> _Exercise objective_: What is needed is a faithful copy of all the records.

> _Provided information_:
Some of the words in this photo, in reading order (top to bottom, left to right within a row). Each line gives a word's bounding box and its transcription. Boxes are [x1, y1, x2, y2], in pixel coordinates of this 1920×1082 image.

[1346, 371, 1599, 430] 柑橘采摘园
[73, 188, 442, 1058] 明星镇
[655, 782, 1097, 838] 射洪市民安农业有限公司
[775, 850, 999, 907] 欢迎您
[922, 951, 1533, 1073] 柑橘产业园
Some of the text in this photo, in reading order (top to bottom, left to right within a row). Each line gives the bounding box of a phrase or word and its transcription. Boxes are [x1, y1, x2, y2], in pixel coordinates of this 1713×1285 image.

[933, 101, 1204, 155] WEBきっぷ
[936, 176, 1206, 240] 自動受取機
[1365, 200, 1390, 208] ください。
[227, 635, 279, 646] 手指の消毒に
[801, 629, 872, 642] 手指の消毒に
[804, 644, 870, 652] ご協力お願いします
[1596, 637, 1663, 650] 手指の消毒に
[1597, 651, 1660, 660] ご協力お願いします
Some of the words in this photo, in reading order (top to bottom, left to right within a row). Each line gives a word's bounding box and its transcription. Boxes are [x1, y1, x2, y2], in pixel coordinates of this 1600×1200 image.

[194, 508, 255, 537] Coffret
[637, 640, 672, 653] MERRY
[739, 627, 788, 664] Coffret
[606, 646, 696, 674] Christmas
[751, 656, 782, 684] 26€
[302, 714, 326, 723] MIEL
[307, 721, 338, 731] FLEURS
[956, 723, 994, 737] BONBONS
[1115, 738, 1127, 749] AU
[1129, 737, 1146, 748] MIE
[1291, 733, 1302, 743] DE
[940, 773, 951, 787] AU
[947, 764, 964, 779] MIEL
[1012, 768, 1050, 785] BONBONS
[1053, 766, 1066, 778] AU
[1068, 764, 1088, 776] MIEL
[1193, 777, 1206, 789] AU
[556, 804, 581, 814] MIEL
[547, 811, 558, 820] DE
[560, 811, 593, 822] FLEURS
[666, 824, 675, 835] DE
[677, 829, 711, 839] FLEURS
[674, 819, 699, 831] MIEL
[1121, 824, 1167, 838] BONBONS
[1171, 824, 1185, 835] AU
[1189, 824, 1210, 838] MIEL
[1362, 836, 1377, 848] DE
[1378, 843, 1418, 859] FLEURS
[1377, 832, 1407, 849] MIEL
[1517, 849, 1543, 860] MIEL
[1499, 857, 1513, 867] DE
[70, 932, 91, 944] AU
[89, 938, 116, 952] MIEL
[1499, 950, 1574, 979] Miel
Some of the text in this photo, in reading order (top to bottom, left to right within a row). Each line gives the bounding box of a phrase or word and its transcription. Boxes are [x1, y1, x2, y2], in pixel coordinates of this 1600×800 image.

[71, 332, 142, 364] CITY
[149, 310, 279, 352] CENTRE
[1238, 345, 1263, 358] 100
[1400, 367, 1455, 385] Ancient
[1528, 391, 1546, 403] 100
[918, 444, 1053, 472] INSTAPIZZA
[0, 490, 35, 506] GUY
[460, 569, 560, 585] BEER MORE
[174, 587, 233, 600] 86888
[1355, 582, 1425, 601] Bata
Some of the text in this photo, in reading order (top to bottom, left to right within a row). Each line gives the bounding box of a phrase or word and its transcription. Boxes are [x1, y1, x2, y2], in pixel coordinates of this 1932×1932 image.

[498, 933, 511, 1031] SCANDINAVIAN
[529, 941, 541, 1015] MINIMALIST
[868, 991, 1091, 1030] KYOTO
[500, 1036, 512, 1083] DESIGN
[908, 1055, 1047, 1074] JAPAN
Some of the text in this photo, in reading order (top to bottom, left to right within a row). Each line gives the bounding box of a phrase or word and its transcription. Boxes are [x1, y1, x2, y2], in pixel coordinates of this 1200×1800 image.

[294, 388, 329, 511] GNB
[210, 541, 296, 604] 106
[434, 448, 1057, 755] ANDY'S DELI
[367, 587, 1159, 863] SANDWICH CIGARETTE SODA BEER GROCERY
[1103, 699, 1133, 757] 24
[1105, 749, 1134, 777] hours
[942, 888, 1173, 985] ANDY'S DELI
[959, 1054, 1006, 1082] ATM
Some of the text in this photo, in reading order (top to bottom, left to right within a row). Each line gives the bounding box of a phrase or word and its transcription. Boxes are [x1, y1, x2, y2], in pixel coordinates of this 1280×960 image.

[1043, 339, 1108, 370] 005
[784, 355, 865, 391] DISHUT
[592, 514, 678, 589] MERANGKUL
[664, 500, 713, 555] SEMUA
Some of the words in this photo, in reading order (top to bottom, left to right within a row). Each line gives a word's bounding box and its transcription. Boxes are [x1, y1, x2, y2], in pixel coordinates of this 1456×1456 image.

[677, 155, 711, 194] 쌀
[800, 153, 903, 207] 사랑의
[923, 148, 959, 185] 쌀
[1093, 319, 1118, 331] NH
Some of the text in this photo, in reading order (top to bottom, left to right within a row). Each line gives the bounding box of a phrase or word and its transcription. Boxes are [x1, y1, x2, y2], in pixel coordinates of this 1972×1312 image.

> _Answer section_:
Some of the words in this photo, in reading order (top to bottom, left to right within a row). Each line gives a word's bounding box and its transcription. Boxes are [x1, y1, x2, y2], in pixel coordinates of this 1920×1082 image.

[1346, 371, 1599, 430] 柑橘采摘园
[73, 188, 442, 1058] 明星镇
[655, 782, 1097, 838] 射洪市民安农业有限公司
[775, 850, 999, 907] 欢迎您
[922, 951, 1533, 1073] 柑橘产业园
Some of the text in this photo, in reading order (top to bottom, left to right within a row). Each line gives the bounding box of a phrase or word and its transcription. Boxes are [x1, y1, x2, y2], in pixel coordinates of this 1713×1285 image.

[933, 101, 1204, 155] WEBきっぷ
[936, 176, 1206, 240] 自動受取機
[1365, 200, 1390, 208] ください。
[227, 635, 279, 646] 手指の消毒に
[801, 629, 872, 642] 手指の消毒に
[804, 644, 870, 652] ご協力お願いします
[1596, 637, 1663, 650] 手指の消毒に
[1597, 651, 1660, 660] ご協力お願いします
Some of the words in this photo, in reading order (top to bottom, left to right within a row). Each line gives a word's bounding box and its transcription. Boxes are [x1, y1, x2, y2], in pixel coordinates of this 1600×1200 image.

[194, 508, 255, 537] Coffret
[637, 640, 672, 653] MERRY
[739, 627, 788, 664] Coffret
[606, 646, 696, 674] Christmas
[751, 656, 782, 684] 26€
[302, 714, 326, 723] MIEL
[307, 721, 338, 731] FLEURS
[956, 723, 994, 737] BONBONS
[1115, 738, 1127, 749] AU
[1129, 737, 1146, 748] MIE
[1291, 733, 1302, 743] DE
[940, 773, 951, 787] AU
[947, 764, 964, 779] MIEL
[1012, 768, 1050, 785] BONBONS
[1053, 766, 1066, 778] AU
[1068, 764, 1088, 776] MIEL
[1193, 777, 1206, 789] AU
[556, 804, 581, 814] MIEL
[547, 811, 558, 820] DE
[560, 811, 593, 822] FLEURS
[666, 824, 675, 835] DE
[677, 829, 711, 839] FLEURS
[674, 819, 699, 831] MIEL
[1121, 824, 1167, 838] BONBONS
[1171, 824, 1185, 835] AU
[1189, 824, 1210, 838] MIEL
[1362, 836, 1377, 848] DE
[1378, 843, 1418, 859] FLEURS
[1377, 832, 1407, 849] MIEL
[1517, 849, 1543, 860] MIEL
[1499, 857, 1513, 867] DE
[70, 932, 91, 944] AU
[89, 938, 116, 952] MIEL
[1499, 950, 1574, 979] Miel
Some of the text in this photo, in reading order (top to bottom, left to right within a row). Each line gives the bounding box of a phrase or word and its transcription. Boxes are [x1, y1, x2, y2], in pixel coordinates of this 1600×800 image.

[71, 332, 142, 364] CITY
[149, 310, 279, 352] CENTRE
[1238, 345, 1263, 358] 100
[1400, 367, 1455, 385] Ancient
[1528, 391, 1546, 403] 100
[918, 444, 1053, 472] INSTAPIZZA
[0, 490, 35, 506] GUY
[460, 569, 560, 585] BEER MORE
[174, 587, 233, 600] 86888
[1355, 582, 1425, 601] Bata
Some of the text in this photo, in reading order (top to bottom, left to right within a row). Each line gives the bounding box of a phrase or word and its transcription. Boxes are [x1, y1, x2, y2], in pixel coordinates of this 1932×1932 image.

[498, 933, 511, 1031] SCANDINAVIAN
[529, 941, 541, 1015] MINIMALIST
[868, 991, 1091, 1030] KYOTO
[500, 1036, 512, 1083] DESIGN
[908, 1055, 1047, 1074] JAPAN
Some of the text in this photo, in reading order (top to bottom, left to right within a row). Each line gives the bounding box of a phrase or word and its transcription. Boxes are [x1, y1, x2, y2], in pixel coordinates of this 1200×1800 image.

[294, 388, 329, 511] GNB
[210, 541, 296, 604] 106
[434, 448, 1057, 755] ANDY'S DELI
[367, 587, 1159, 863] SANDWICH CIGARETTE SODA BEER GROCERY
[1103, 699, 1133, 757] 24
[1105, 749, 1134, 777] hours
[942, 888, 1173, 985] ANDY'S DELI
[959, 1054, 1006, 1082] ATM
Some of the text in this photo, in reading order (top to bottom, left to right within a row). Each line gives the bounding box of a phrase or word and its transcription. Boxes are [x1, y1, x2, y2], in pixel coordinates of this 1280×960 image.

[1043, 339, 1108, 370] 005
[784, 355, 865, 391] DISHUT
[592, 514, 678, 589] MERANGKUL
[664, 500, 713, 555] SEMUA
Some of the words in this photo, in reading order (top to bottom, left to right within a row). Each line gives a word's bounding box and its transcription. Boxes are [x1, y1, x2, y2], in pixel coordinates of this 1456×1456 image.

[677, 155, 711, 194] 쌀
[800, 153, 903, 207] 사랑의
[923, 148, 959, 185] 쌀
[1093, 319, 1118, 331] NH
Some of the text in this photo, in reading order (top to bottom, left to right within a row). Each line gives the bounding box of a phrase or word and its transcription. Boxes are [x1, y1, x2, y2], in pixel coordinates of this 1972×1312 image.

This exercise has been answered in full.